Friday, March 12, 2010

Andrew Sullivan, Jeffrey Goldberg, and The Atlantic--Updated

Jeffrey Goldberg deserves some credit for pushing back against Andrew Sullivan instead of just going along to get along. But he adds a curious addendum:
UPDATE: When I implied above that a magazine with standards would not allow Andrew to misinterpret history, I should have stated that the Atlantic's website has no fact-checking standards, and not that it has no standards at all.
In all seriousness, what standards are those? They allow profanity, misrepresentation, public criticism of fellow employees, the endorsement of criminal activity, descriptions of sex, and truly pornographic use of the first-person. What is explicitly ruled out-of-bounds by TheAtlantic.com's Standards & Practices Handbook?
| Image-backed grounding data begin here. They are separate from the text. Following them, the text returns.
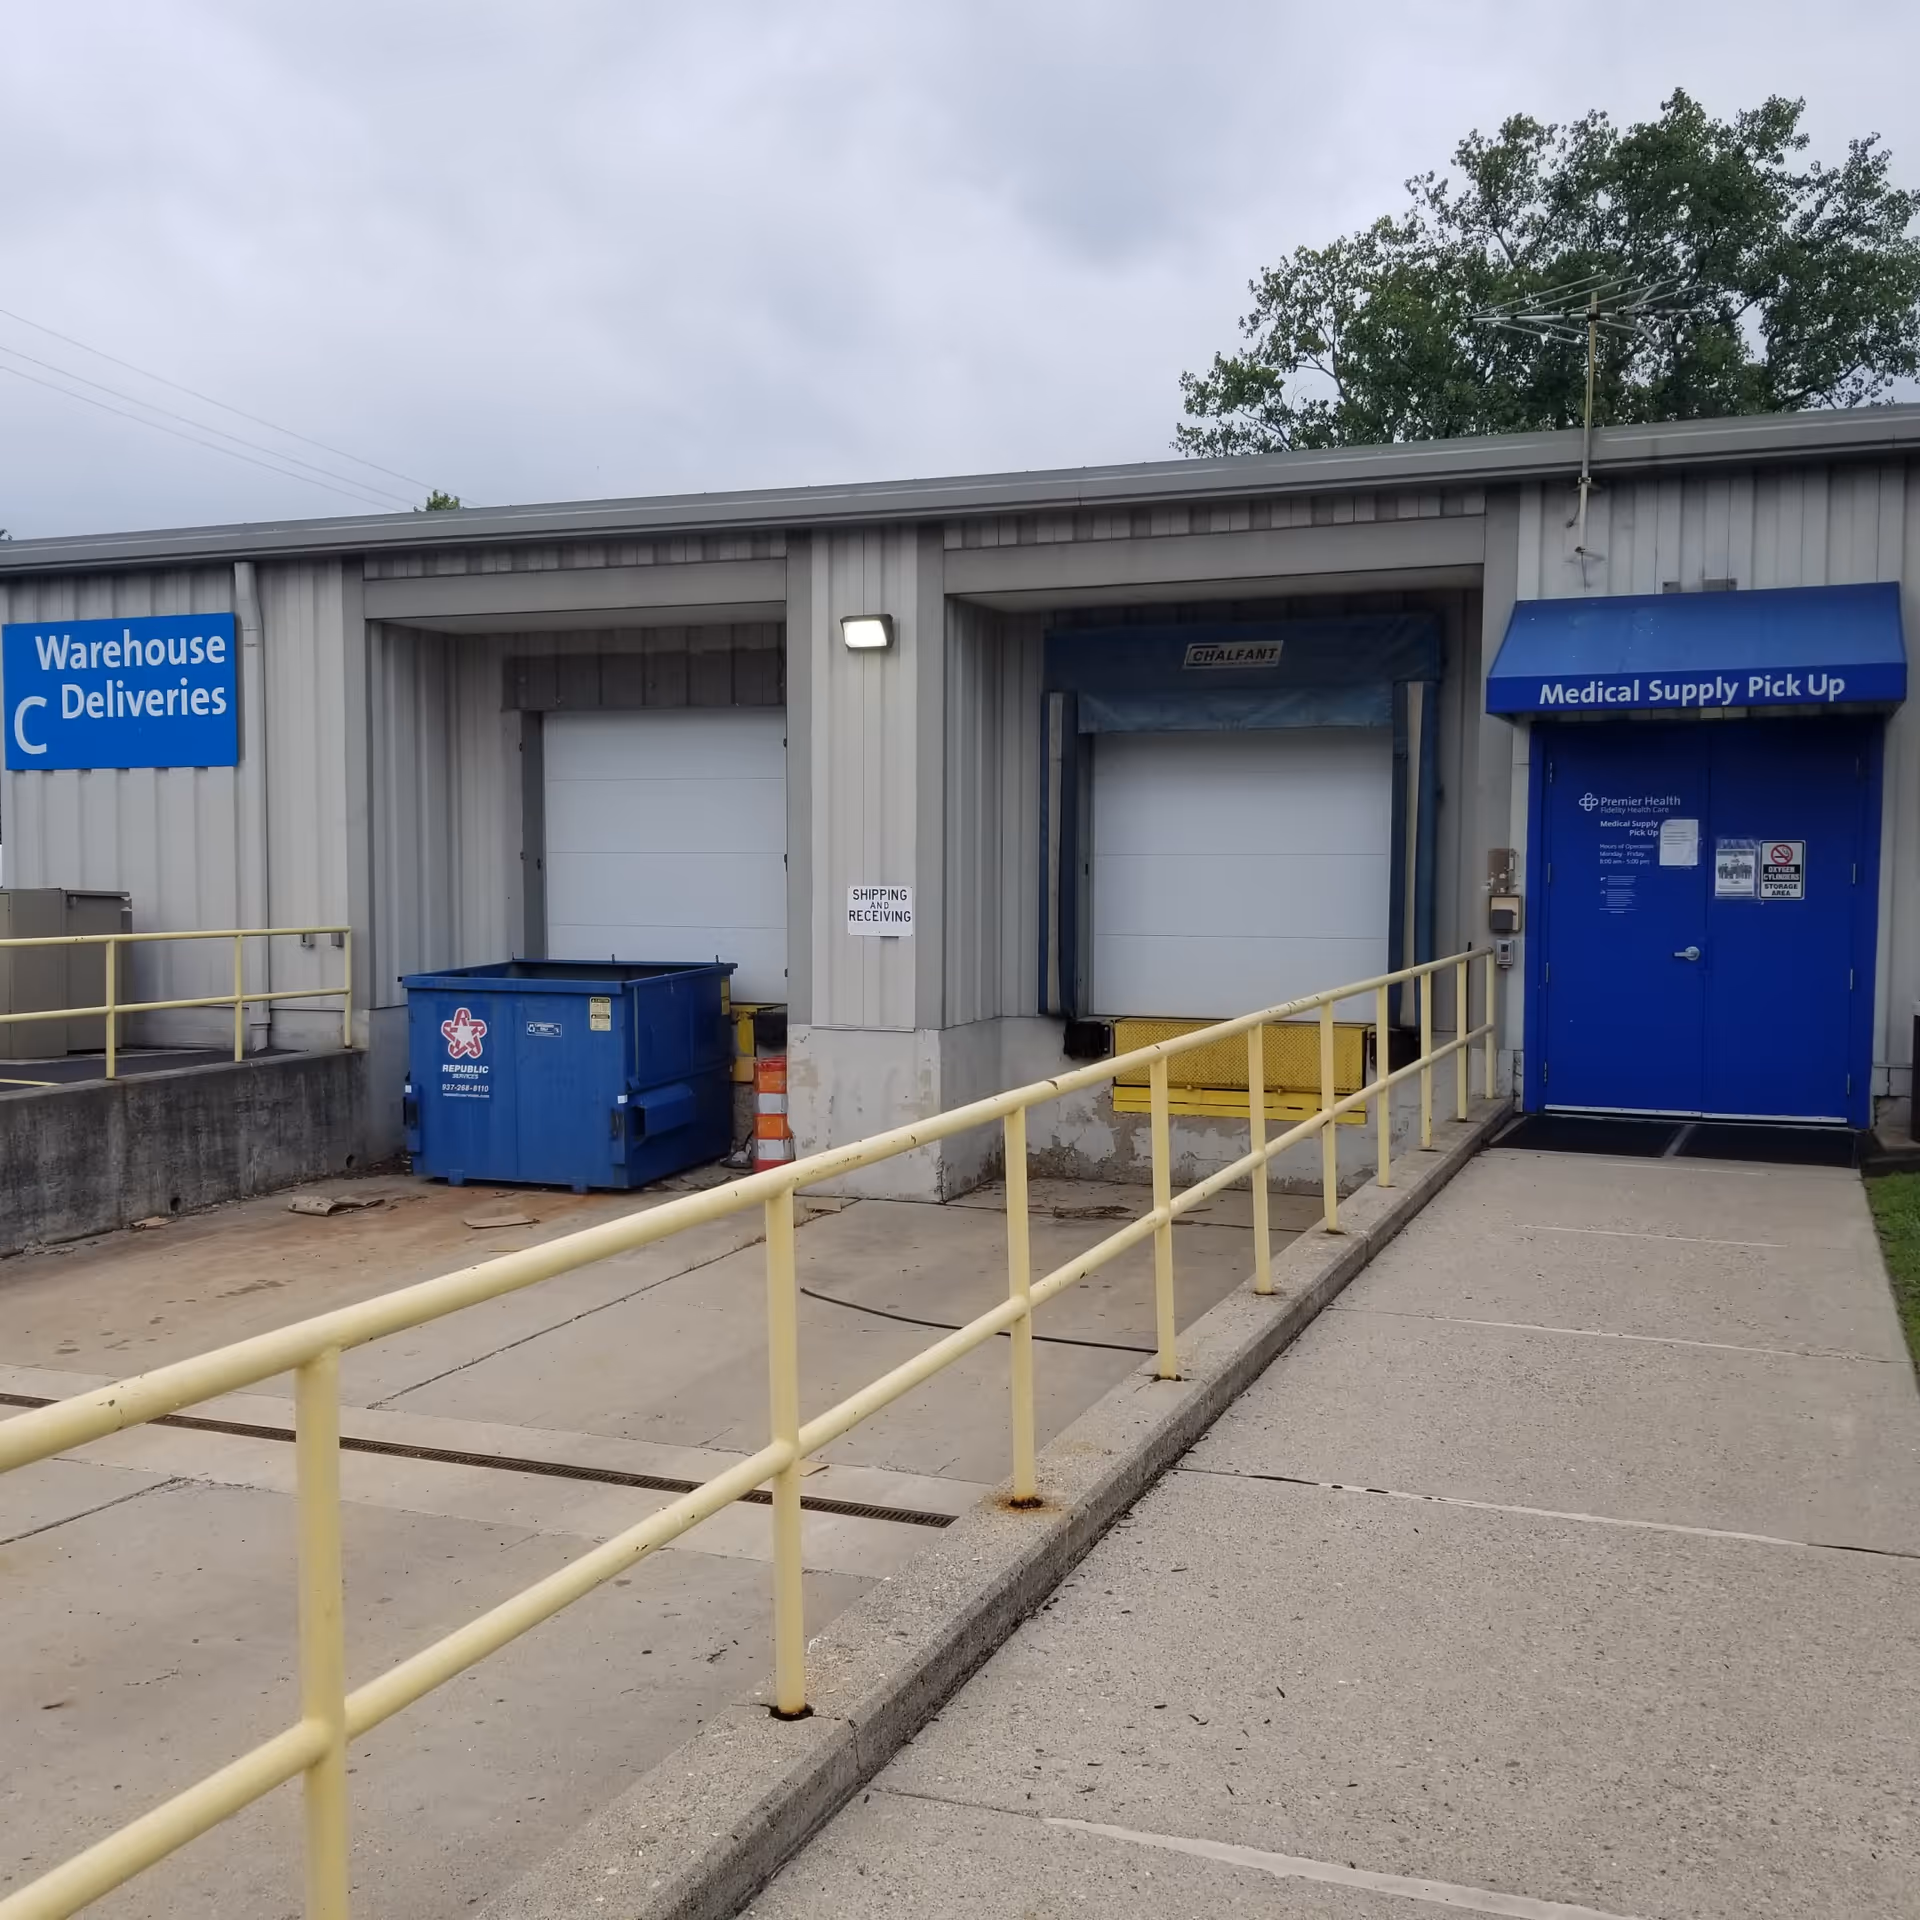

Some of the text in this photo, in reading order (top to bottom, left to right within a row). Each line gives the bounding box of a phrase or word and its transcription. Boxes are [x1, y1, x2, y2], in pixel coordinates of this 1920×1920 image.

[35, 628, 226, 671] Warehouse
[1193, 648, 1278, 662] CHALFANT
[1539, 673, 1845, 706] Medical Supply Pick Up
[61, 677, 227, 720] Deliveries
[14, 695, 47, 755] C
[1601, 796, 1681, 806] Premier Health
[1601, 806, 1625, 815] Fidelity
[1600, 820, 1659, 829] Medical Supply
[1629, 829, 1659, 837] Pick Up
[852, 888, 907, 901] SHIPPING
[869, 901, 890, 910] AND
[848, 909, 912, 922] RECEIVING
[442, 1064, 489, 1074] REPUBLIC
Update: Goldberg now says that he simply isn't going to respond to Sullivan anymore. Well, okay. That's one way to do it. Go along, get along it is!

3 comments:

Unknown said...

You forgot to mention his endorsement of illegal drugs. In the "descriptions of sex" column, Sullivan says this:

"But I know nothing that God has given us - save psilocybin - that gives us this divine, if fleeting, parole from a vale of tears."
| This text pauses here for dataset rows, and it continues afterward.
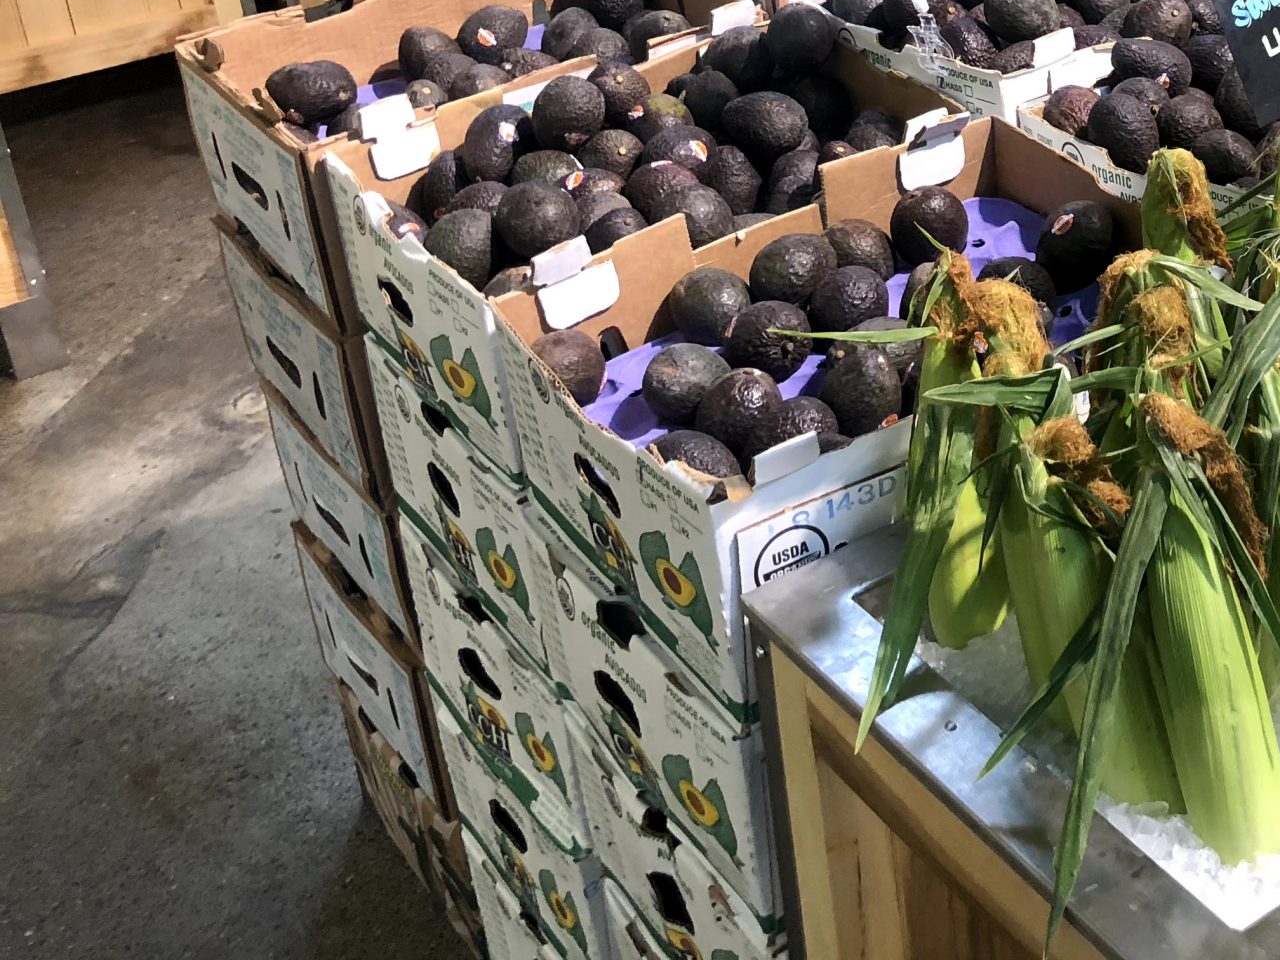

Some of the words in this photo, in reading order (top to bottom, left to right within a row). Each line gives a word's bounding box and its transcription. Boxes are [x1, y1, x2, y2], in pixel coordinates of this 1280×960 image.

[968, 74, 978, 84] OF
[979, 77, 994, 89] USA
[1091, 163, 1133, 190] organic
[383, 256, 415, 295] AVOCADOS
[428, 268, 455, 295] PRODUCE
[578, 433, 621, 481] AVOCADOS
[636, 455, 671, 491] PRODUCE
[683, 493, 700, 514] USA
[771, 540, 811, 567] USDA
[580, 610, 616, 655] organic
[604, 652, 647, 704] AVOCADOS
[666, 684, 698, 721] PRODUCE
[710, 726, 727, 745] USA
First of all, that's a bizarre, off-balance phrase: "divine, if fleeting, parole from a vale of tears." Mixing metaphors is generally pretty confusing, but he's taking the Jackson Pollack approach there. He's not even trying to mix them so much as just splash them randomly around the page.
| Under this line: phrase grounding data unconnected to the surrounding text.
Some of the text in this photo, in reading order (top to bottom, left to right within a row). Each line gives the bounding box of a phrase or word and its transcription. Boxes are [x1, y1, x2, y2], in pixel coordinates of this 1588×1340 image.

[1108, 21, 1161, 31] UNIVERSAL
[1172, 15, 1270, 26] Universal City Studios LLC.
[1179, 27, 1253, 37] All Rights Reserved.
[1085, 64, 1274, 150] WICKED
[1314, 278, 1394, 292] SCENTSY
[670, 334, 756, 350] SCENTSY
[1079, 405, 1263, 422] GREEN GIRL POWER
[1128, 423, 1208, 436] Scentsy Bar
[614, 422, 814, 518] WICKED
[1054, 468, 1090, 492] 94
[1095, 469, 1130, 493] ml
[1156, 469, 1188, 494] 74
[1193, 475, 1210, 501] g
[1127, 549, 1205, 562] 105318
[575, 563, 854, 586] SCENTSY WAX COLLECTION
More importantly, Psilocybin is the active ingredient in hallucinogenic mushrooms. Maybe it's just me, but I think it might be slightly irresponsible to suggest in a public magazine that life's horrible except when you're on shrooms.

Anonymous said...

What's ruled out? Saying nice things about Republicans.

James said...

GOD I am going to miss him when he bites the bucket. Sullivan takes the place of DOZENS of other comedians and public spectacles.